▼
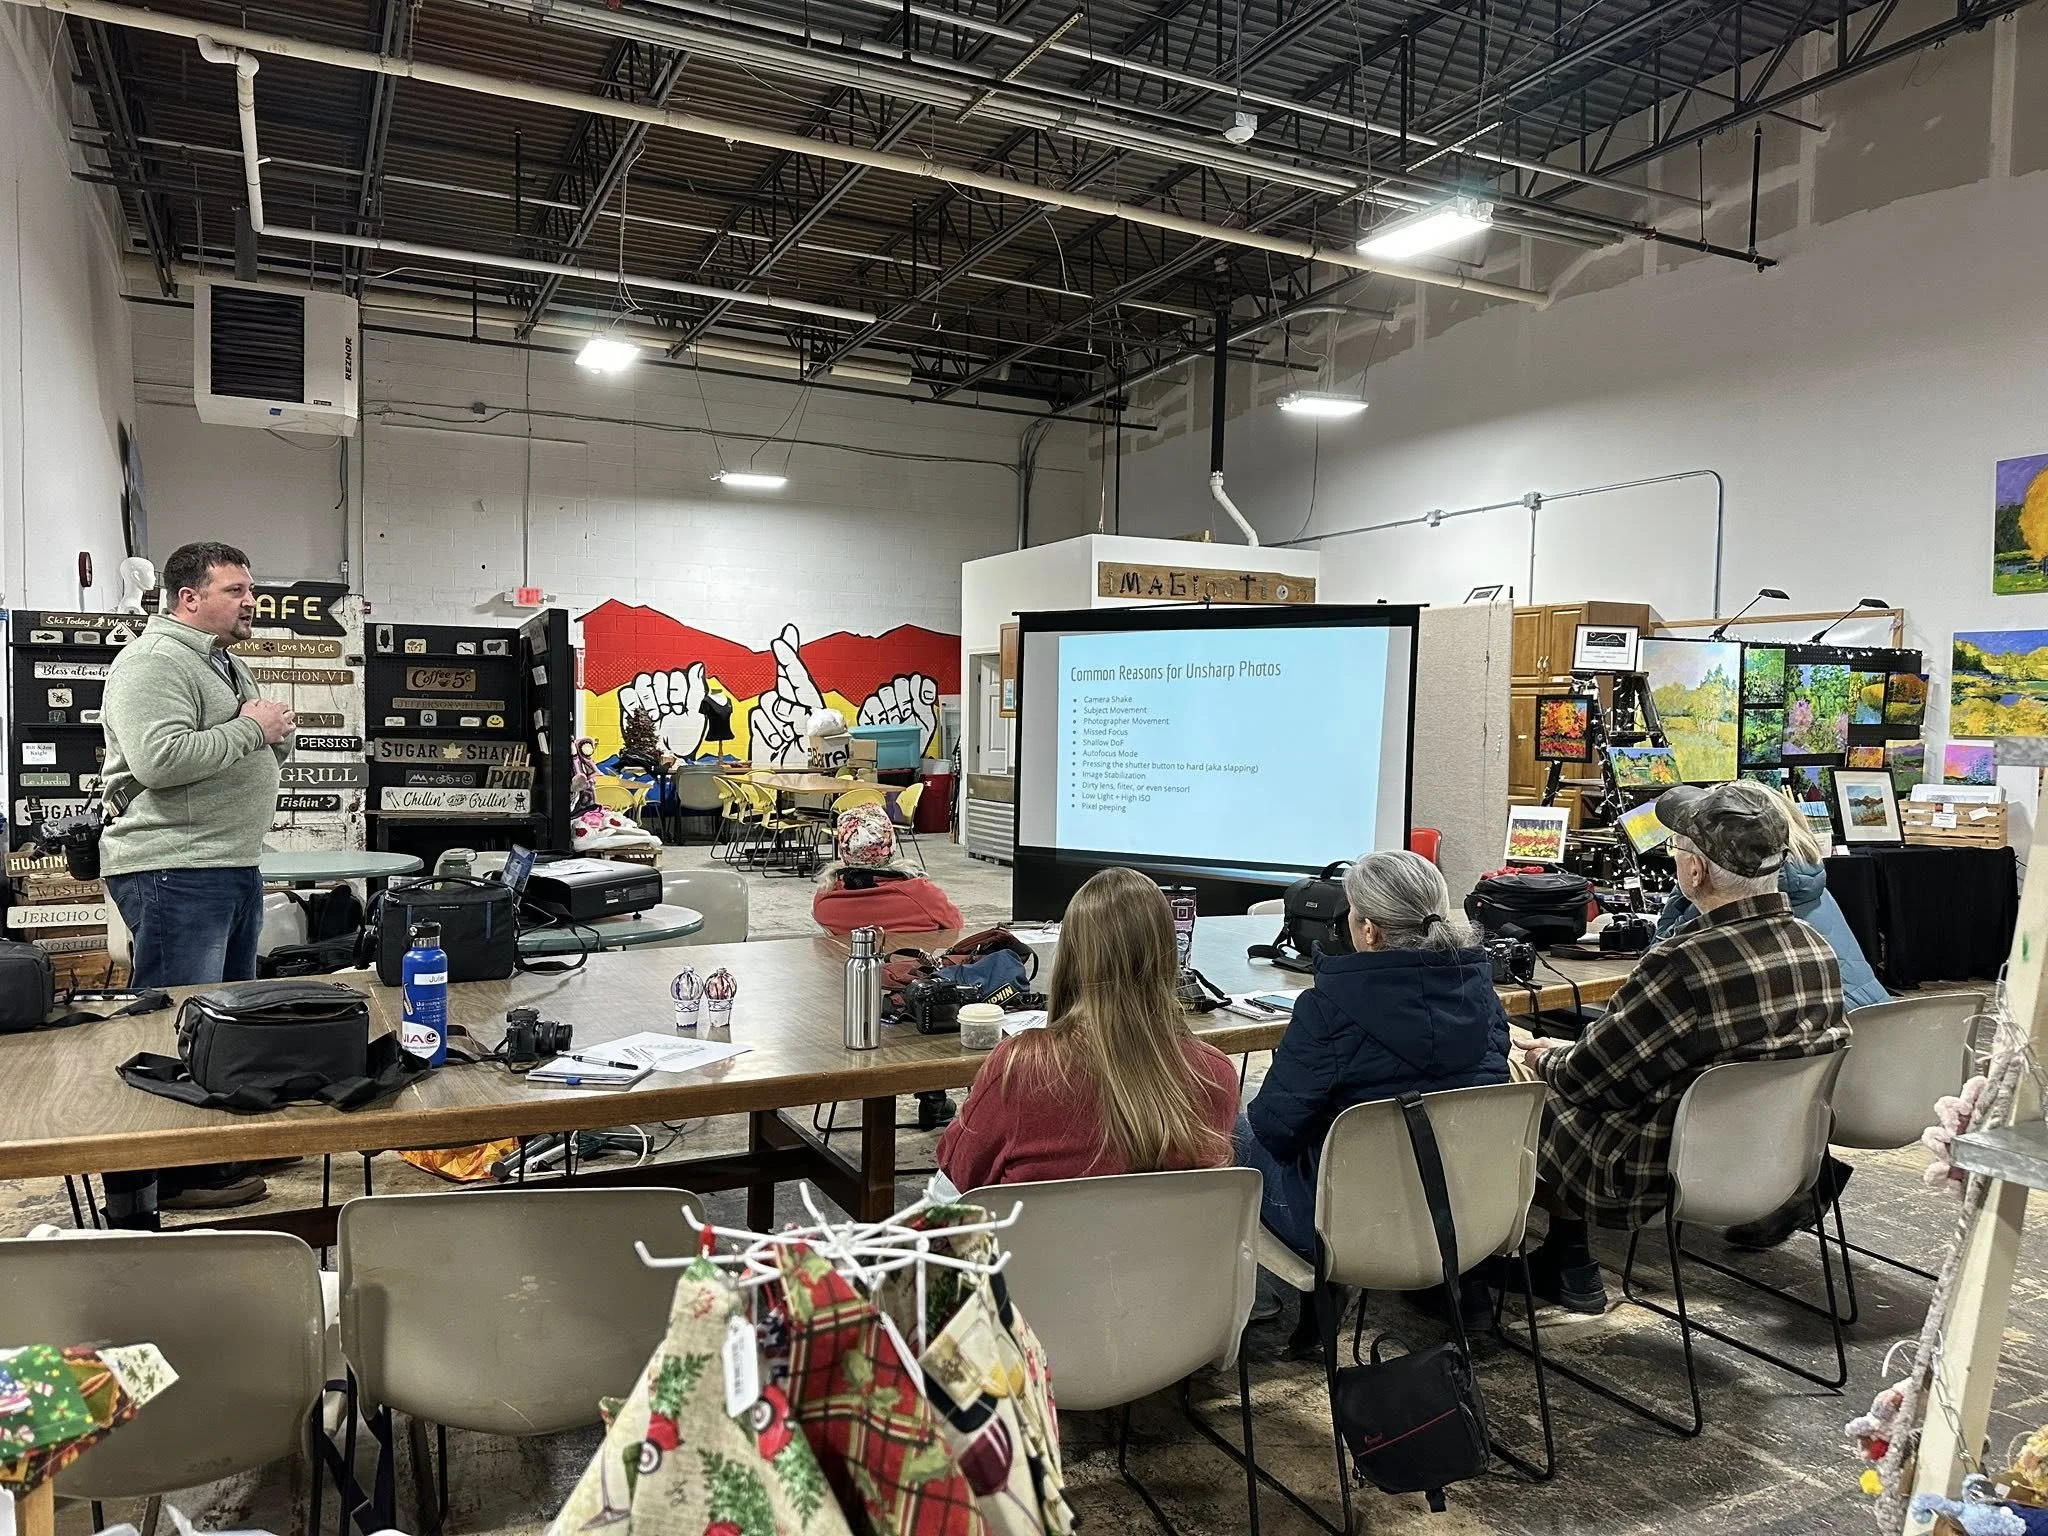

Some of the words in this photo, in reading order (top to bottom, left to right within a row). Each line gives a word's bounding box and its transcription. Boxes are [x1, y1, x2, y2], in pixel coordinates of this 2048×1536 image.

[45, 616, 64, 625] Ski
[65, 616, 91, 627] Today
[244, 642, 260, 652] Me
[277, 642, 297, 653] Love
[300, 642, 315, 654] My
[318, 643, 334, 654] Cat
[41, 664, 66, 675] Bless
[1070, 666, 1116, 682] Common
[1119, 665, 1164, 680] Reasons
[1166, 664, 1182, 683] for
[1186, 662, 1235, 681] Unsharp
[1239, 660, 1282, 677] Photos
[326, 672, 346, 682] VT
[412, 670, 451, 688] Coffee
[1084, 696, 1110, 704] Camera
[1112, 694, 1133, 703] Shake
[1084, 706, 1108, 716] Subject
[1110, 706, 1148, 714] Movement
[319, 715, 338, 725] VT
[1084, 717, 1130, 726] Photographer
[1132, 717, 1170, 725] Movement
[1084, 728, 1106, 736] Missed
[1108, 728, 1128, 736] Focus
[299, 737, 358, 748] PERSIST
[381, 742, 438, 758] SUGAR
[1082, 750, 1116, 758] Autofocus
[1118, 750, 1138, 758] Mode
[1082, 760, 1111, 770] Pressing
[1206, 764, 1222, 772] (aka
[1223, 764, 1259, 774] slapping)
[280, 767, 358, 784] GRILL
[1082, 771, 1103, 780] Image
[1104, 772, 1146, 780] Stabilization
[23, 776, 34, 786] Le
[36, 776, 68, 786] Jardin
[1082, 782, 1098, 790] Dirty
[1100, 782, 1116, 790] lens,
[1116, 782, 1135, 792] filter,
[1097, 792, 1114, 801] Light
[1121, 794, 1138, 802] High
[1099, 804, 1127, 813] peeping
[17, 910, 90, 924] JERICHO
▲
**WHAT YOU SHOULD DO**:
Reproduce the entries above exactly, without images.

**THE COMPLETED TASK**:
Some of the words in this photo, in reading order (top to bottom, left to right within a row). Each line gives a word's bounding box and its transcription. Boxes are [x1, y1, x2, y2], in pixel coordinates of this 2048×1536 image.

[45, 616, 64, 625] Ski
[65, 616, 91, 627] Today
[244, 642, 260, 652] Me
[277, 642, 297, 653] Love
[300, 642, 315, 654] My
[318, 643, 334, 654] Cat
[41, 664, 66, 675] Bless
[1070, 666, 1116, 682] Common
[1119, 665, 1164, 680] Reasons
[1166, 664, 1182, 683] for
[1186, 662, 1235, 681] Unsharp
[1239, 660, 1282, 677] Photos
[326, 672, 346, 682] VT
[412, 670, 451, 688] Coffee
[1084, 696, 1110, 704] Camera
[1112, 694, 1133, 703] Shake
[1084, 706, 1108, 716] Subject
[1110, 706, 1148, 714] Movement
[319, 715, 338, 725] VT
[1084, 717, 1130, 726] Photographer
[1132, 717, 1170, 725] Movement
[1084, 728, 1106, 736] Missed
[1108, 728, 1128, 736] Focus
[299, 737, 358, 748] PERSIST
[381, 742, 438, 758] SUGAR
[1082, 750, 1116, 758] Autofocus
[1118, 750, 1138, 758] Mode
[1082, 760, 1111, 770] Pressing
[1206, 764, 1222, 772] (aka
[1223, 764, 1259, 774] slapping)
[280, 767, 358, 784] GRILL
[1082, 771, 1103, 780] Image
[1104, 772, 1146, 780] Stabilization
[23, 776, 34, 786] Le
[36, 776, 68, 786] Jardin
[1082, 782, 1098, 790] Dirty
[1100, 782, 1116, 790] lens,
[1116, 782, 1135, 792] filter,
[1097, 792, 1114, 801] Light
[1121, 794, 1138, 802] High
[1099, 804, 1127, 813] peeping
[17, 910, 90, 924] JERICHO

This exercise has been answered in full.